Stephen Merchant seems an unlikely fit for a biopic about a woman from Norwich, England who went on to be a WWE superstar. Yet, sometimes the best fits are ones you’d never think of. Merchant’s sly wit percolates throughout the film adding a layer of what can only be called bemused cynicism.
The Bevis clan are a working-class family who runs a wrestling gym in their small English town. Wrestling is a uniquely American idea. It is both fake and real while also requiring an outlandish brashness and vulgarity specific to our national psyche. Part of the film’s charm is seeing and hearing these outsized characters played by British actors with British voices. It is also a reminder that we may not be as unique as we think.
Based on a documentary Wrestlers: Fighting With My Family, the film looks at Saraya (Florence Pugh) as she becomes Paige, and shoots to superstardom in the WWE. Merchant, however, isn’t really interested in a sports story. He’s much more interested in Saraya and her brother Zak (Jack Lowden). Both have wanted to be professional wrestlers since they were kids, but it’s Paige who gets the call, for the big time.
The Bevis wrestling gym is a youth outreach center by day and the spot for low-grade backyard wrestling at night. The stars, of course, the Bevis clan themselves. If possible they are louder and brasher than their characters in the ring.
Merchant peppers Fighting With My Family with little bits of oddities and surreal humor. Every morning Saraya and Zak drive around the city picking up kids and take them to the gym. One of the kids is blind. But Merchant doesn’t frame it as kooky or absurd. Instead, he allows us to see how wrestling is helping a boy find himself.
A lesser movie would sneer at these characters. But Merchant and his script can’t help but love every single one of these lunkheads. Even the lithe blonde tan bombshells Saraya meets when she comes to America to train are treated with dignity and respect.
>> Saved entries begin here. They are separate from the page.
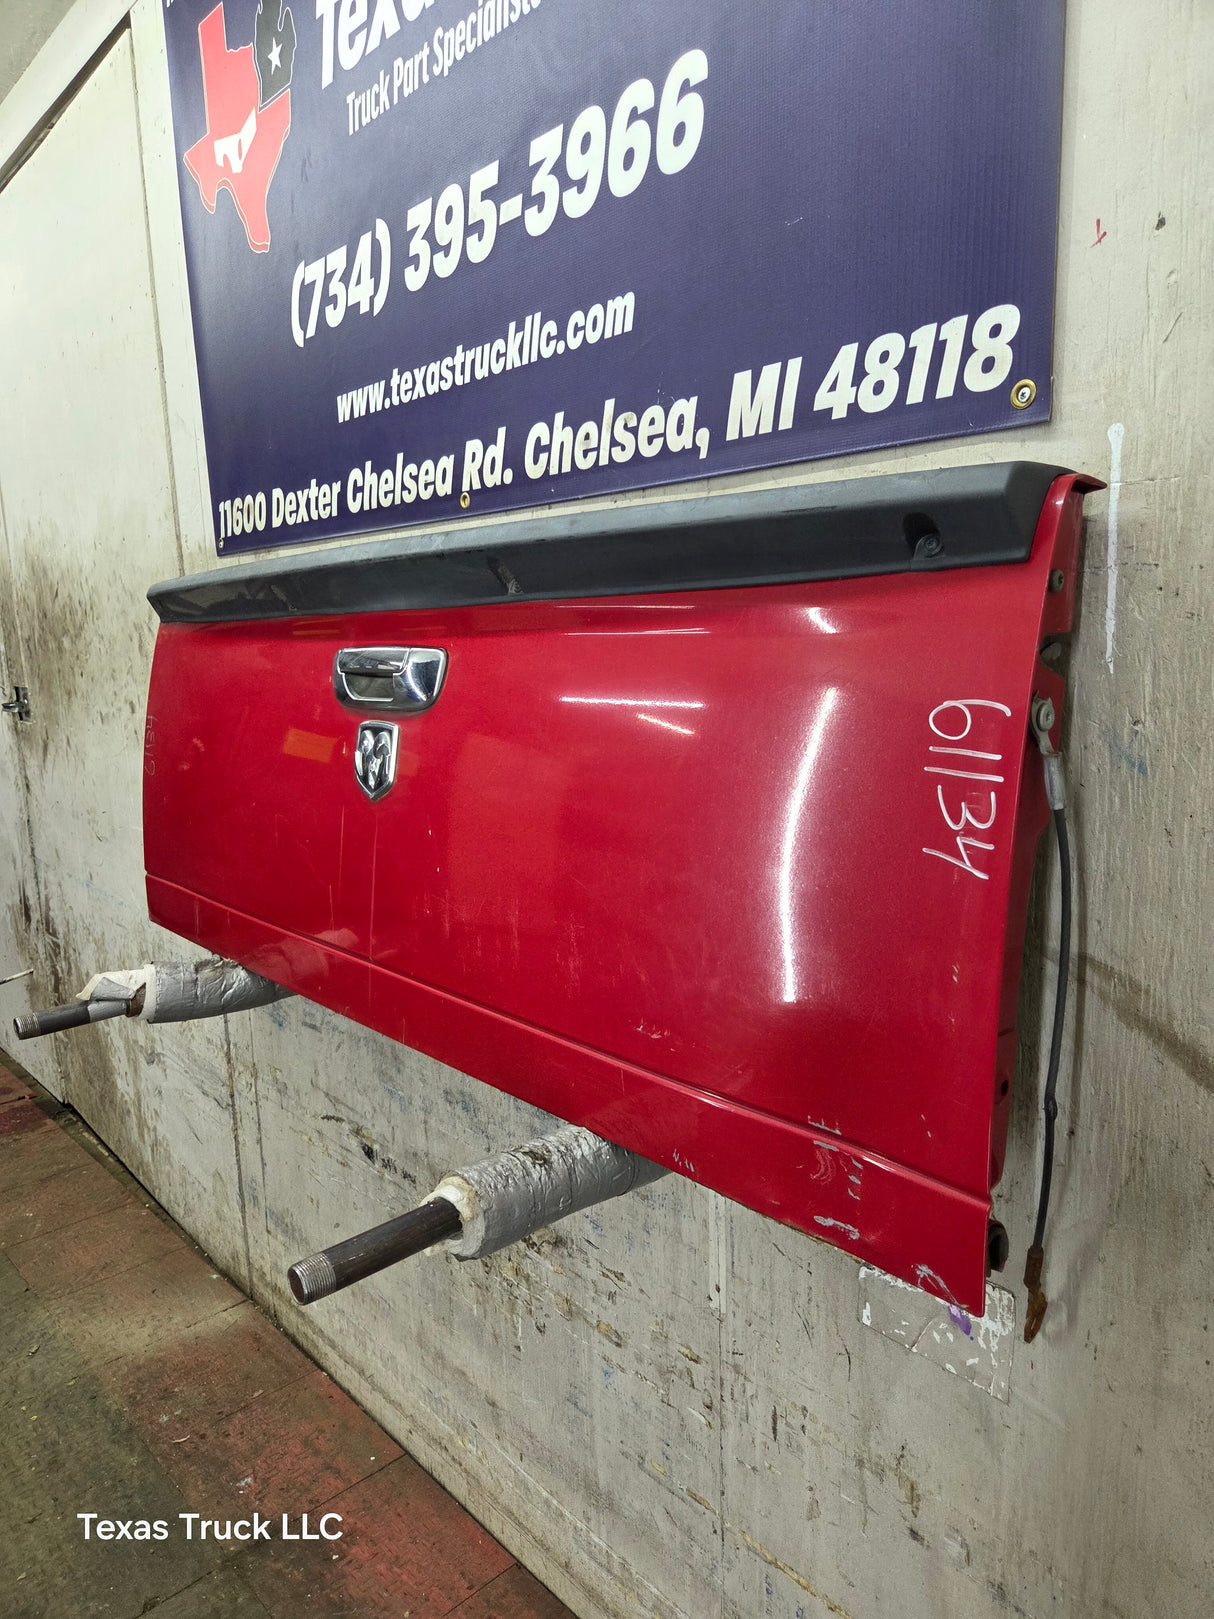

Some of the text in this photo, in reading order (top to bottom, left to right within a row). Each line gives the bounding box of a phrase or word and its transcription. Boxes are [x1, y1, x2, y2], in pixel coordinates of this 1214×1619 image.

[345, 69, 390, 136] Truck
[392, 41, 430, 105] Part
[290, 48, 709, 348] (734) 395-3966
[218, 303, 1021, 540] 11600 Dexter Chelsea Rd. Chelsea, MI 48118
[336, 292, 636, 424] www.texastruckllc.com
[923, 698, 1012, 880] 61134
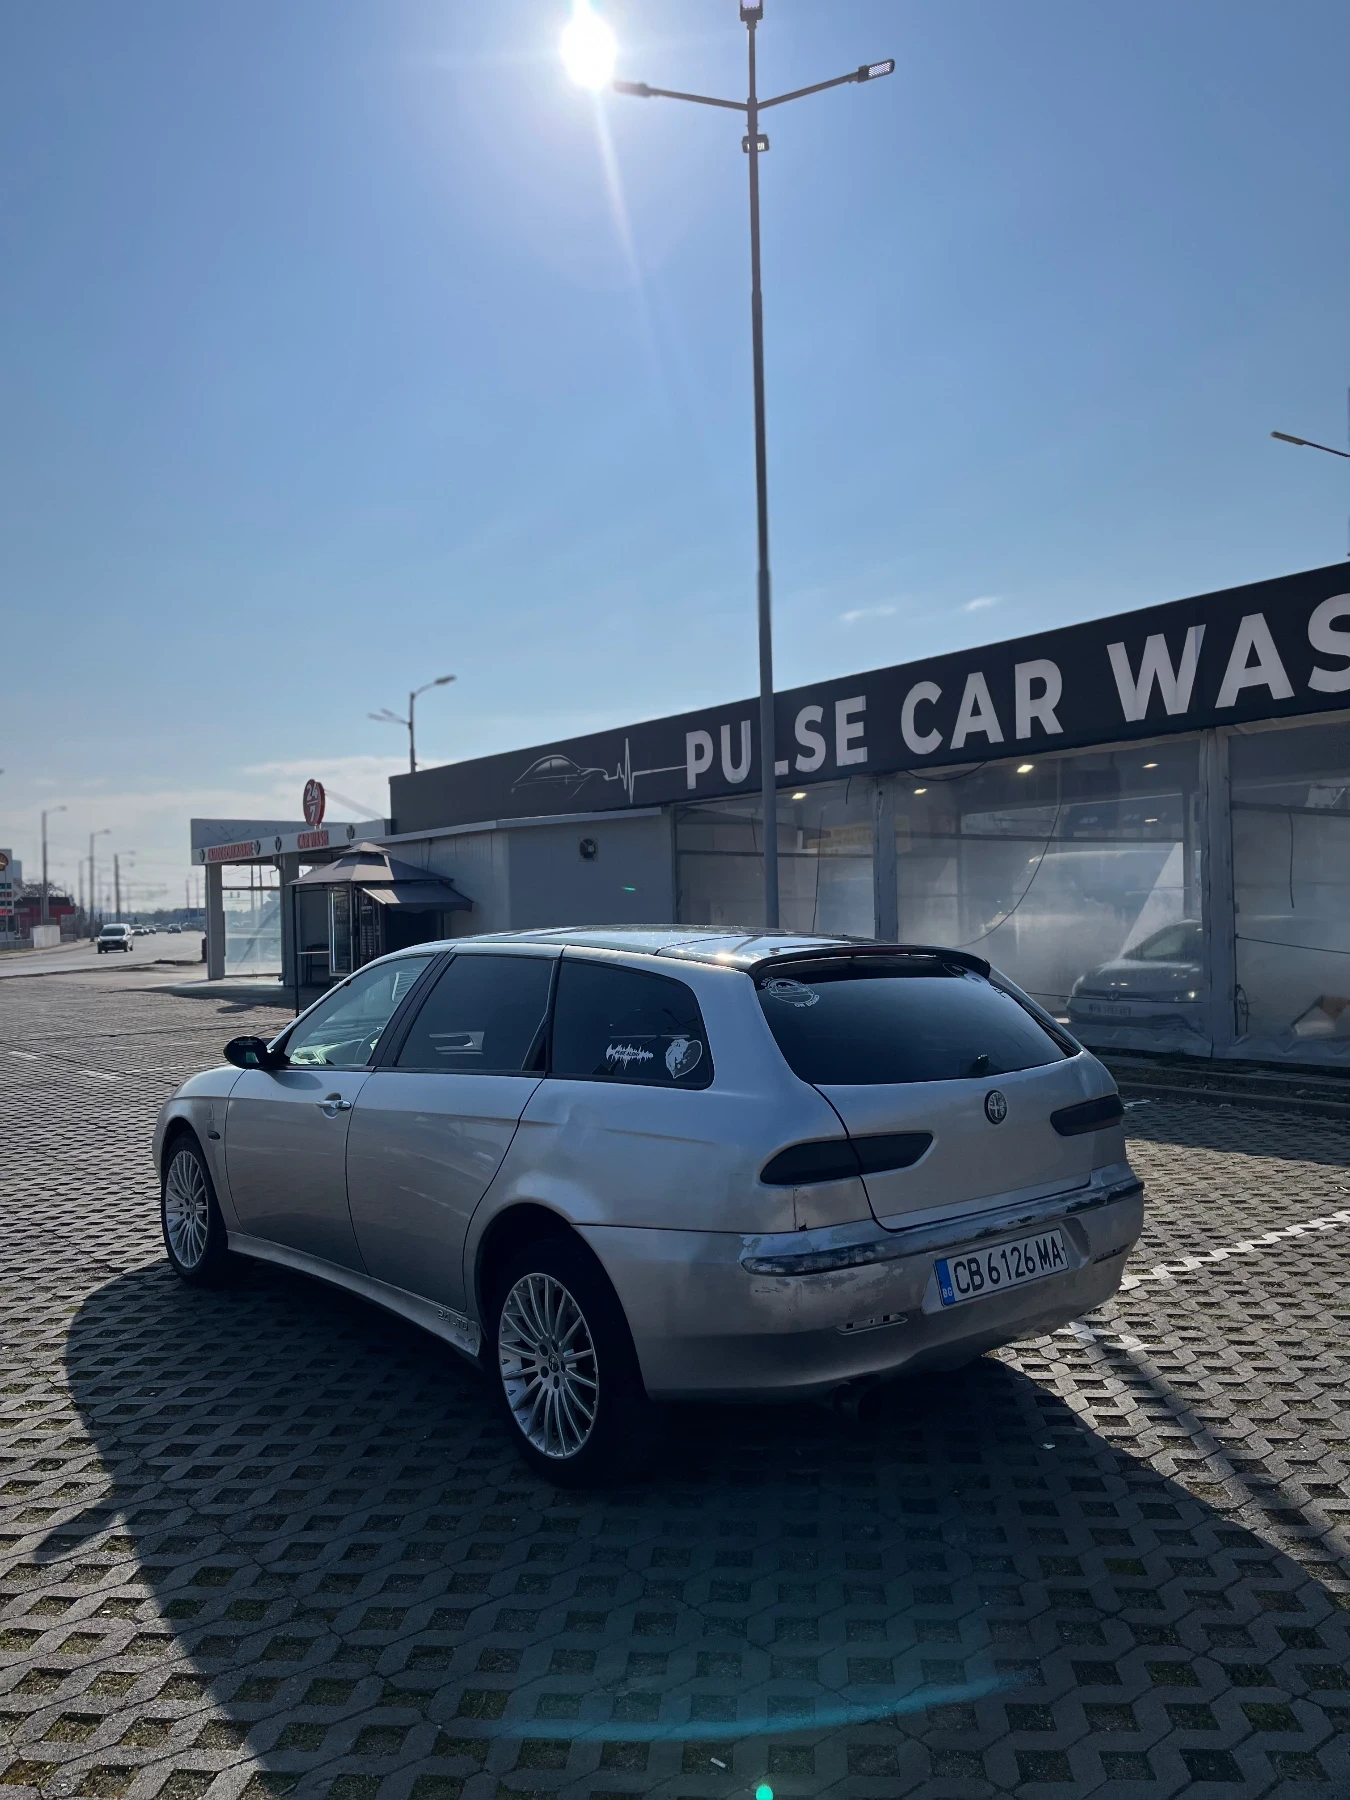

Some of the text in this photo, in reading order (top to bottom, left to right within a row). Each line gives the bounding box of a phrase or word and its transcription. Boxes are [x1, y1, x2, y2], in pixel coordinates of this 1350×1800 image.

[686, 593, 1350, 790] PUSE CAR WAS
[306, 783, 318, 801] 24
[309, 805, 316, 822] 7
[297, 830, 329, 850] CAR WASH
[953, 1236, 1064, 1293] CB 6126 MA
[942, 1287, 953, 1298] BG
Though that doesn’t mean he doesn’t poke fun. Such as when Saraya meets the other girls and they are so taken with her accent one of them exclaims, “Oh my god! I love your accent. You sound just like a nazi, it’s so adorable.”
Saraya with her pale skin, dark hair, pierced lips, and grunge fashion choices, clashes instantly with the other girls. Because Fighting With My Family is on Saraya’s side, we are too. She rolls her eyes and looks down at the models and cheerleaders who seem more at home in bikinis than in the ring.
The only woman there with any real wrestling experience she feels alienated by their cliquish behavior. But Merchant sidesteps years of conditioning by movies and shows us that, like Saraya, these ladies are no less passionate or determined. Main characters in sports biopics tend to have all their rough edges sanded off. To have a character with actual flaws and discover that in reality, it’s she who is being judgmental, is rare.
Getting over herself Saraya begins to realize the benefit of working with the other girls rather than against them. Slyly, Merchant shows us Saraya working with the other girls and transforming them. By teaching them her own brand of hardscrabble wrestling she transforms them into actual wrestlers.
If that were all Fighting With My Family did it would be enough. But Merchant treats the rest of the Bevis family with equal love and interest. Saraya is the one chosen, but it’s Zak who’s had the dream first. He is crushed when Hutch Morgan (Vince Vaughn) tells him in no uncertain terms “It’s the end of the line for you, son.”
Zak spirals into self-destructive behavior. Of course, Saraya will have to pull him back from the brink and the two will reconcile and all will be forgiven. While the trope may be a cliche the emotion and anguish from both Zak and Saraya are not.
Pugh is an actress who never seems to be acting. For a movie about the birth of a superstar, Pugh traverses a canyon of self-doubt and crippling shyness. It’s especially impressive when you realize in the final scene she is a woman playing a woman playing a woman. The moment doesn’t last for long but it’s still an impressive bit of Russian doll acting.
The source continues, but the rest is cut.